Integrand size = 27, antiderivative size = 312 \[ \int \frac {1}{x^3 \left (d+e x^4\right ) \left (a+b x^4+c x^8\right )} \, dx=-\frac {1}{2 a d x^2}-\frac {\sqrt {c} \left (c d-b e+\frac {b c d-b^2 e+2 a c e}{\sqrt {b^2-4 a c}}\right ) \arctan \left (\frac {\sqrt {2} \sqrt {c} x^2}{\sqrt {b-\sqrt {b^2-4 a c}}}\right )}{2 \sqrt {2} a \sqrt {b-\sqrt {b^2-4 a c}} \left (c d^2-b d e+a e^2\right )}-\frac {\sqrt {c} \left (c d-b e-\frac {b c d-b^2 e+2 a c e}{\sqrt {b^2-4 a c}}\right ) \arctan \left (\frac {\sqrt {2} \sqrt {c} x^2}{\sqrt {b+\sqrt {b^2-4 a c}}}\right )}{2 \sqrt {2} a \sqrt {b+\sqrt {b^2-4 a c}} \left (c d^2-b d e+a e^2\right )}-\frac {e^{5/2} \arctan \left (\frac {\sqrt {e} x^2}{\sqrt {d}}\right )}{2 d^{3/2} \left (c d^2-b d e+a e^2\right )} \] Output:
-1/2/a/d/x^2-1/4*c^(1/2)*(c*d-b*e+(2*a*c*e-b^2*e+b*c*d)/(-4*a*c+b^2)^(1/2) )*arctan(2^(1/2)*c^(1/2)*x^2/(b-(-4*a*c+b^2)^(1/2))^(1/2))*2^(1/2)/a/(b-(- 4*a*c+b^2)^(1/2))^(1/2)/(a*e^2-b*d*e+c*d^2)-1/4*c^(1/2)*(c*d-b*e-(2*a*c*e- b^2*e+b*c*d)/(-4*a*c+b^2)^(1/2))*arctan(2^(1/2)*c^(1/2)*x^2/(b+(-4*a*c+b^2 )^(1/2))^(1/2))*2^(1/2)/a/(b+(-4*a*c+b^2)^(1/2))^(1/2)/(a*e^2-b*d*e+c*d^2) -1/2*e^(5/2)*arctan(e^(1/2)*x^2/d^(1/2))/d^(3/2)/(a*e^2-b*d*e+c*d^2)
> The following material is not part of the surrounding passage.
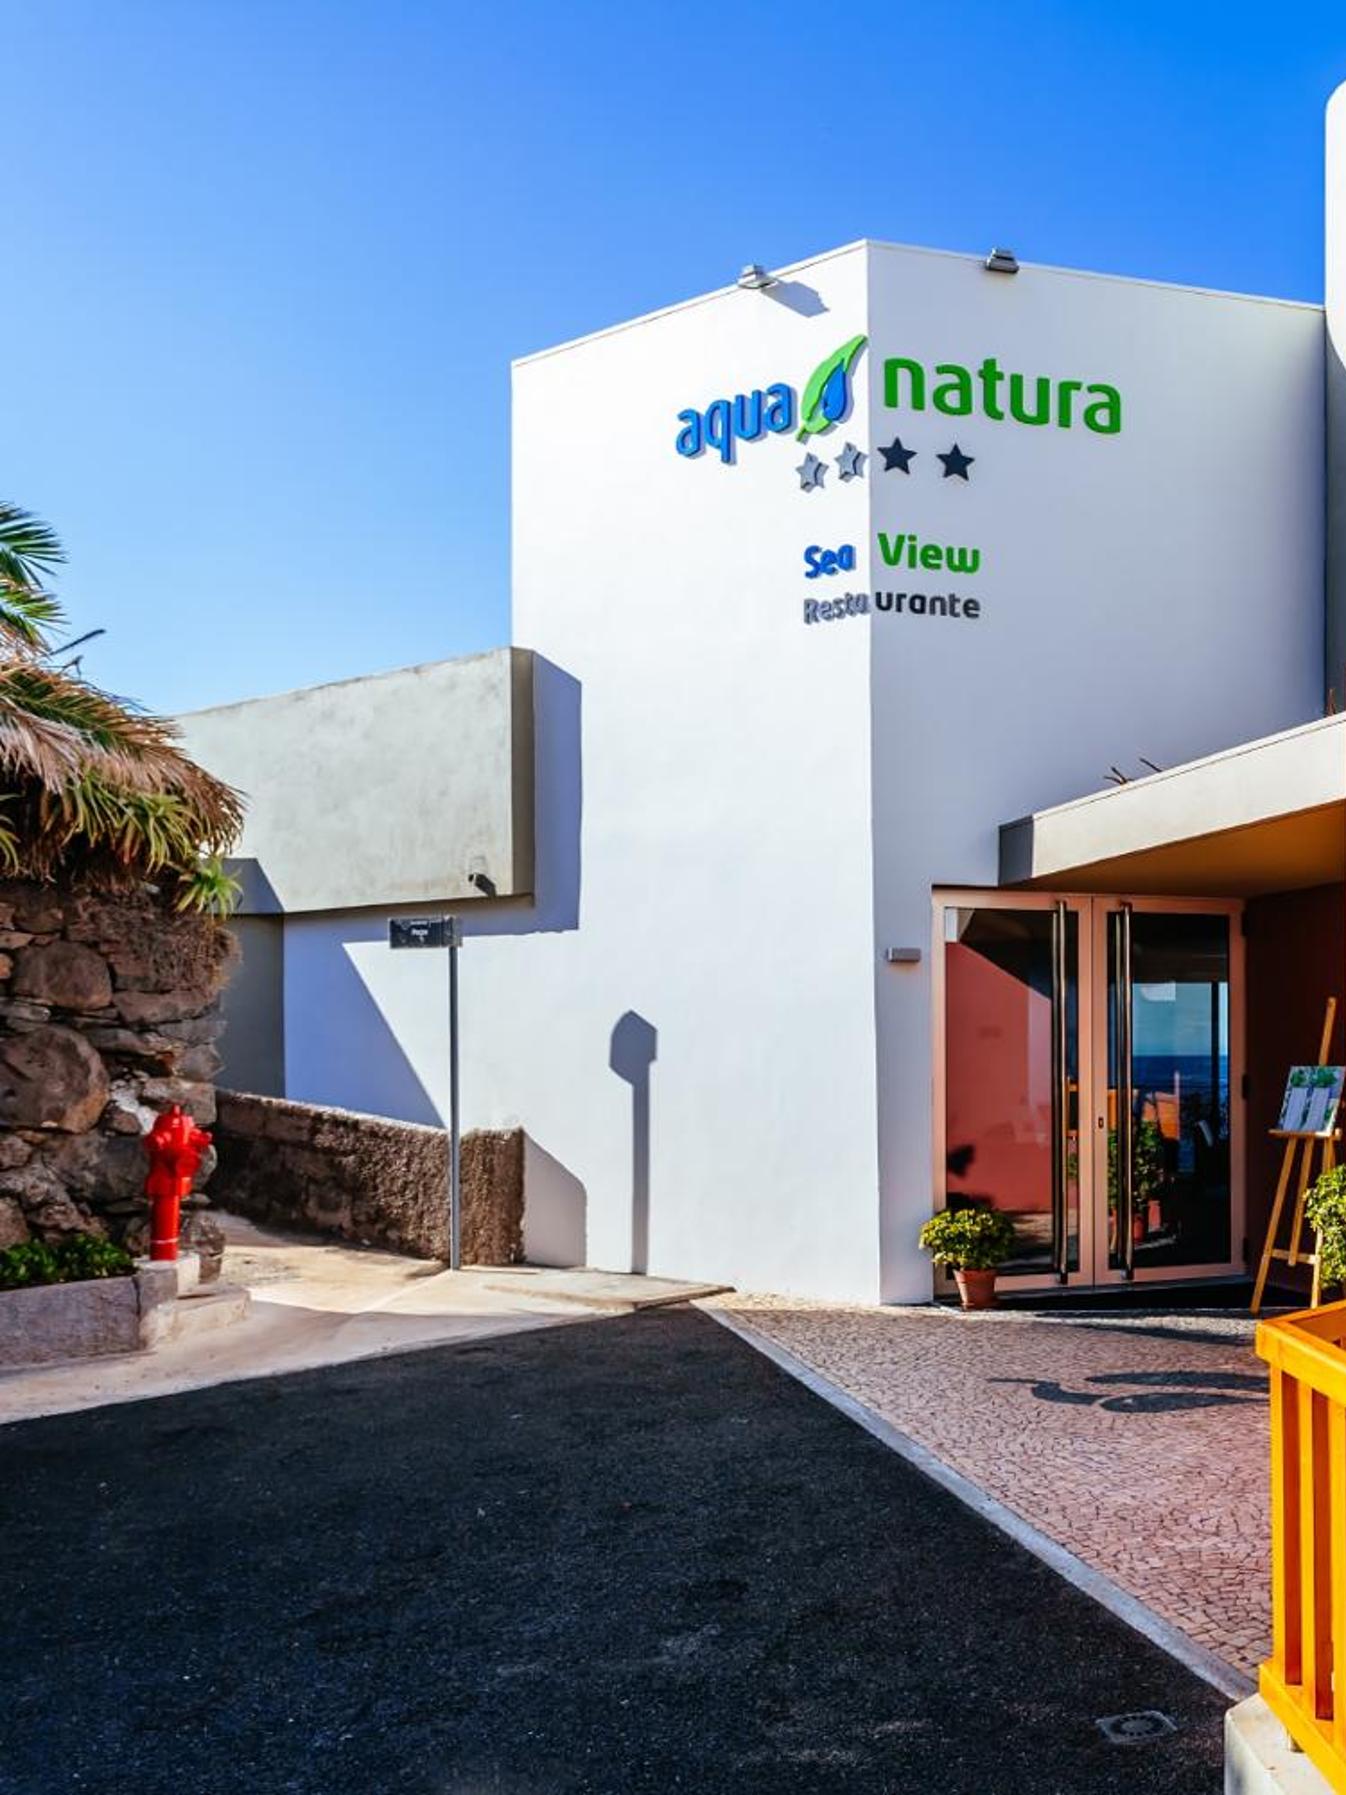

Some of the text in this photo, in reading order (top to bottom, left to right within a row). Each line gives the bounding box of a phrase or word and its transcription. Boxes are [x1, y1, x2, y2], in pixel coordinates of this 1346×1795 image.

[675, 357, 1123, 464] aqua natura
[803, 532, 982, 579] Sea View
[803, 590, 982, 625] Restaurante
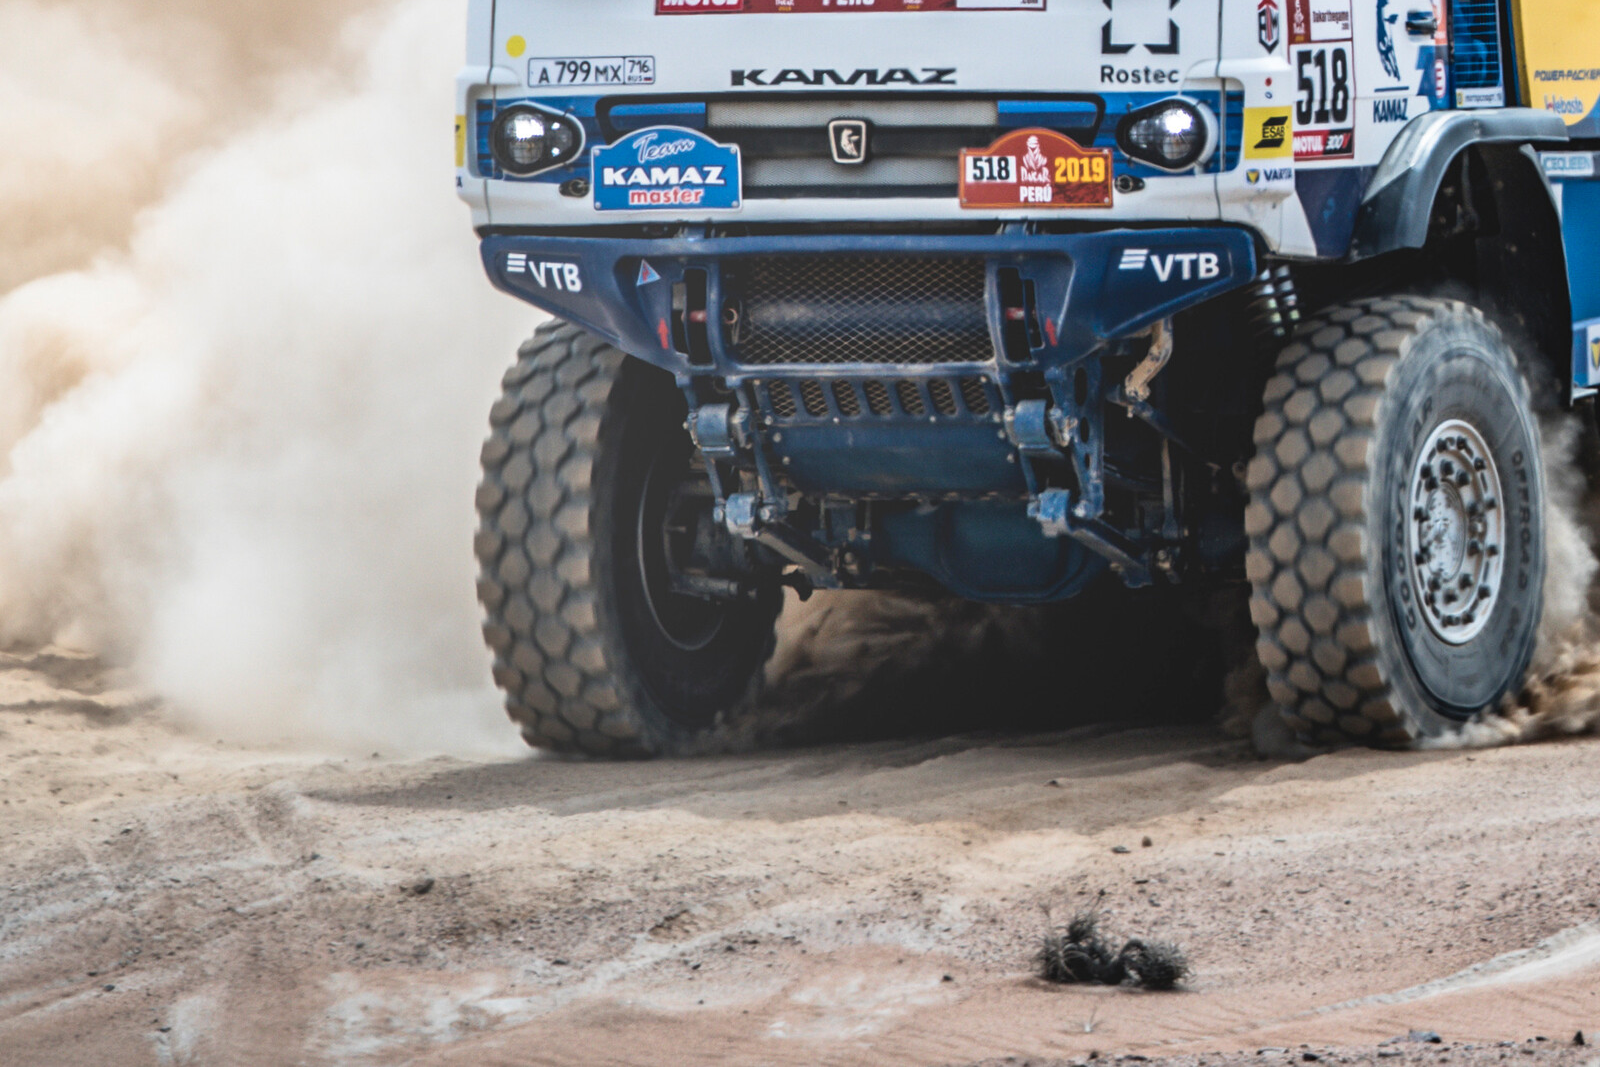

Result contains higher order function than in optimal. Order 9 vs. order 3 in optimal.
Time = 0.28 (sec) , antiderivative size = 226, normalized size of antiderivative = 0.72 \[ \int \frac {1}{x^3 \left (d+e x^4\right ) \left (a+b x^4+c x^8\right )} \, dx=\frac {2 \left (-c d+b e-\frac {a e^2}{d}+\frac {a e^{5/2} x^2 \arctan \left (1-\frac {\sqrt {2} \sqrt [4]{e} x}{\sqrt [4]{d}}\right )}{d^{3/2}}+\frac {a e^{5/2} x^2 \arctan \left (1+\frac {\sqrt {2} \sqrt [4]{e} x}{\sqrt [4]{d}}\right )}{d^{3/2}}\right )+x^2 \text {RootSum}\left [a+b \text {$\#$1}^4+c \text {$\#$1}^8\&,\frac {-b c d \log (x-\text {$\#$1})+b^2 e \log (x-\text {$\#$1})-a c e \log (x-\text {$\#$1})-c^2 d \log (x-\text {$\#$1}) \text {$\#$1}^4+b c e \log (x-\text {$\#$1}) \text {$\#$1}^4}{b \text {$\#$1}^2+2 c \text {$\#$1}^6}\&\right ]}{4 a \left (c d^2+e (-b d+a e)\right ) x^2} \] Input:
Integrate[1/(x^3*(d + e*x^4)*(a + b*x^4 + c*x^8)),x]
Output:
(2*(-(c*d) + b*e - (a*e^2)/d + (a*e^(5/2)*x^2*ArcTan[1 - (Sqrt[2]*e^(1/4)* x)/d^(1/4)])/d^(3/2) + (a*e^(5/2)*x^2*ArcTan[1 + (Sqrt[2]*e^(1/4)*x)/d^(1/ 4)])/d^(3/2)) + x^2*RootSum[a + b*#1^4 + c*#1^8 & , (-(b*c*d*Log[x - #1]) + b^2*e*Log[x - #1] - a*c*e*Log[x - #1] - c^2*d*Log[x - #1]*#1^4 + b*c*e*L og[x - #1]*#1^4)/(b*#1^2 + 2*c*#1^6) & ])/(4*a*(c*d^2 + e*(-(b*d) + a*e))* x^2)
Time = 0.96 (sec) , antiderivative size = 308, normalized size of antiderivative = 0.99, number of steps used = 4, number of rules used = 3, \(\frac {\text {number of rules}}{\text {integrand size}}\) = 0.111, Rules used = {1814, 1610, 2009}
Below are the steps used by Rubi to obtain the solution. The rule number used for the transformation is given above next to the arrow. The rules definitions used are listed below.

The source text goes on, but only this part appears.